Video of battered protesters being interrogated by Islamists in Cairo last week.

Video of Islamists interrogating a captive last week in Cairo, from Watan, an Egyptian news site.

After Mr. Morsi claimed in a speech last week that some of those detained had confessed to being armed and paid by the opposition to make trouble, Heba Morayef of Human Rights Watch noted on Twitter that it was remarkable to hear a leader of the Muslim Brotherhood, whose members were routinely tortured into making false confessions by the security forces before the revolution, present such confessions as credible evidence.

One of the Muslim Brothers who took part in the beating of detainees admitted his role in an interview with Nancy Youssef, a Cairo correspondent for McClatchy Newspapers:

Adel Amer, 44, said he was one of those who beat protesters at a fierce and ultimately deadly standoff Wednesday in front of Egypt' s presidential palace between supporters and opponents of President Mohamed Morsi.

Amer said he had to do it. Morsi's opponents were taking drugs that numb them to pain, he said. The police could not handle the melee on their own, so he and fellow members of the Muslim Brotherhood grabbed them, beat them and handed them over to officers.
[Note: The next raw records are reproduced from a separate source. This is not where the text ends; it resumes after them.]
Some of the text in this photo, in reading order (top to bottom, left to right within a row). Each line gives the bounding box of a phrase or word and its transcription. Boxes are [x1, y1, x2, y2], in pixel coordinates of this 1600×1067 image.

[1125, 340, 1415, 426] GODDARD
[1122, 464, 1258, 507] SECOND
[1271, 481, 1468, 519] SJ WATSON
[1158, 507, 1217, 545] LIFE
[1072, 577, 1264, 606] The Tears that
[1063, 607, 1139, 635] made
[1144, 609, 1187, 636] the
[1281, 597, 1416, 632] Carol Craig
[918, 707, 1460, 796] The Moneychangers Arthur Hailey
“We had to beat them so they would confess,” he said, listing their crimes: starting the fighting, bribing others to cause trouble or working to undo the democratic election that Morsi won five months ago. “We had no other option. We protected the police.”
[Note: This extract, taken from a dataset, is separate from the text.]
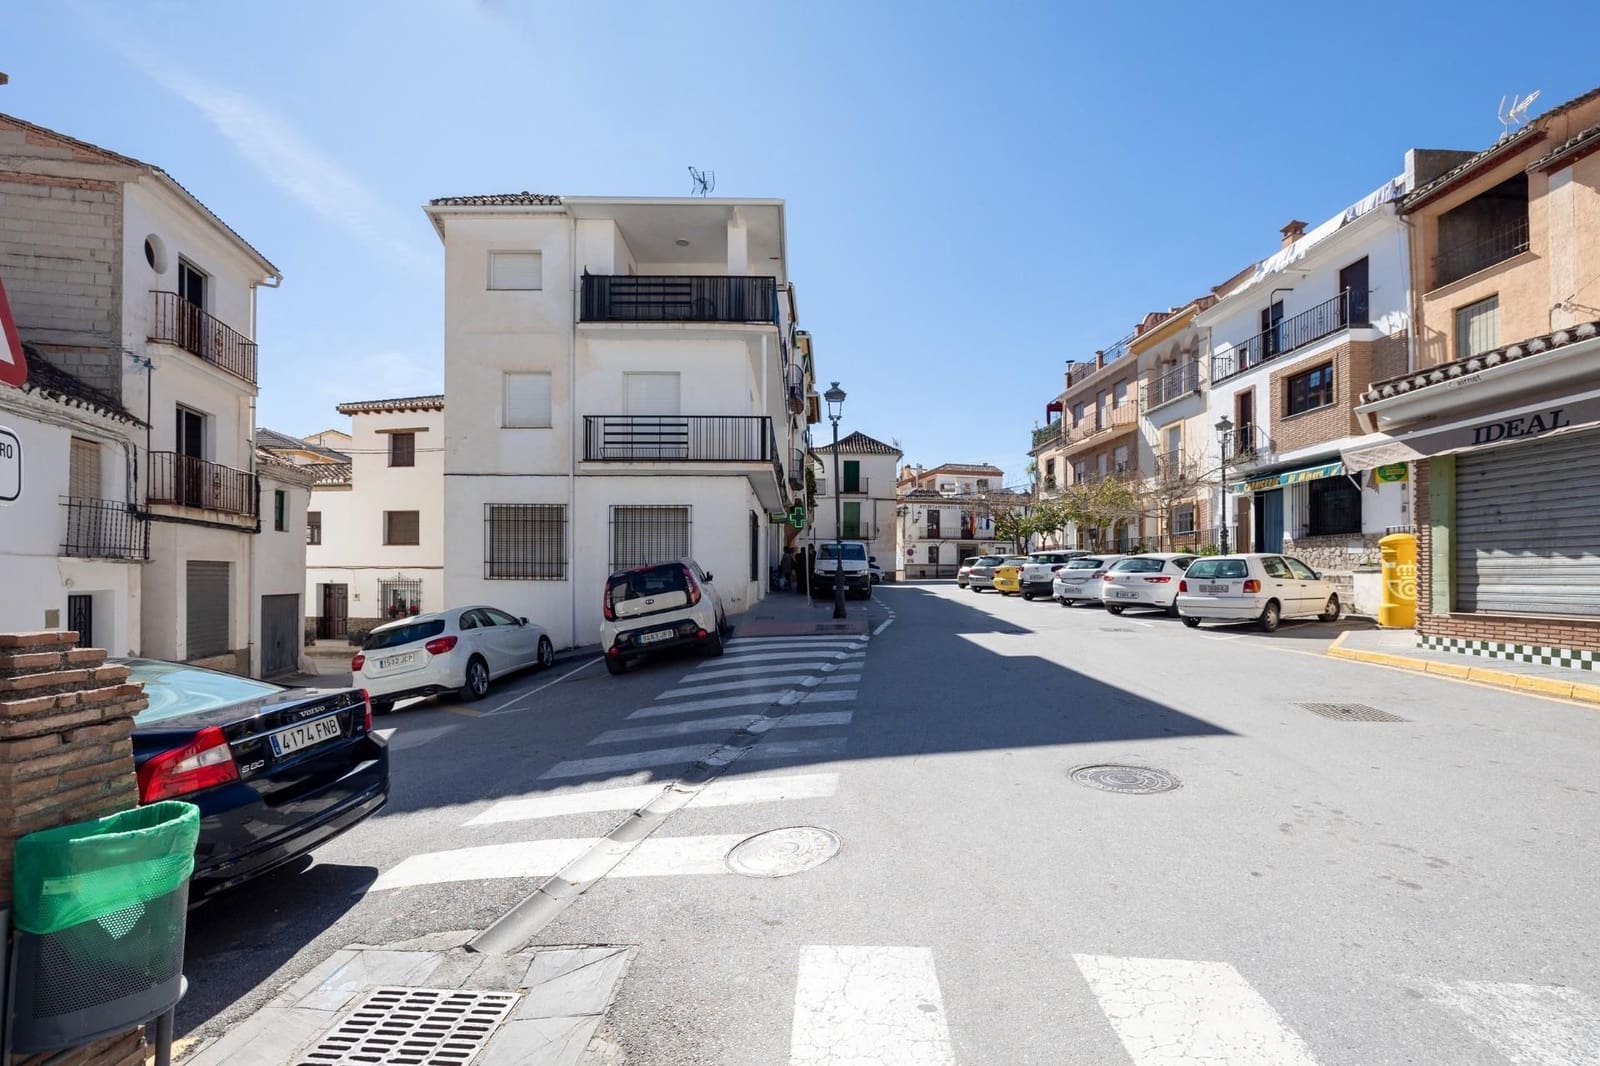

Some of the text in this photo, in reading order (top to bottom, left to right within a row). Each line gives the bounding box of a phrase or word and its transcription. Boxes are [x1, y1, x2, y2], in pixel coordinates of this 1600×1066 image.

[1472, 409, 1569, 445] IDEAL
[282, 718, 338, 750] 4174 FNB
Another attack by Islamists on a high-profile political opponent was reported two nights after the clashes at the palace. On Friday, a former member of Egypt's Parliament, Mohamed Abu Hamed, was badly beaten by Muslim Brothers as he tried to drive past a rally of Morsi supporters in Cairo.

Mr. Hamed later denied accusations by the Muslim Brotherhood's political party that he was beaten only after he tried to run over members of the group.

While members of the Muslim Brotherhood were among those killed during last week's clashes, opposition activists still blamed the Islamists for initiating the conflict by calling on their activists to confront protesters who had gathered outside the palace first.

As Hesham Sallam, one of the editors of Jadaliyya, argued, “regardless of how much violence each ‘side' has committed,” last week's fighting was “instigated by a deliberate, conscious decision by Muslim Brotherhood leaders to escalate the conflict with its adversaries.” He continued:

One day after thousands of opposition protesters had marched to the presidential palace and staged a sit-in in order to pressure Morsi into reversing his controversial constitutional declaration, the Muslim Brotherhood called on its supporters to march to the palace.

Organizing a march to the same site where Morsi's opponents are gathered is a tall order, and an inevitable recipe for physical clashes. You do not rally your activists at the same site where your opponents are assembled, expecting a peaceful tailgating picnic.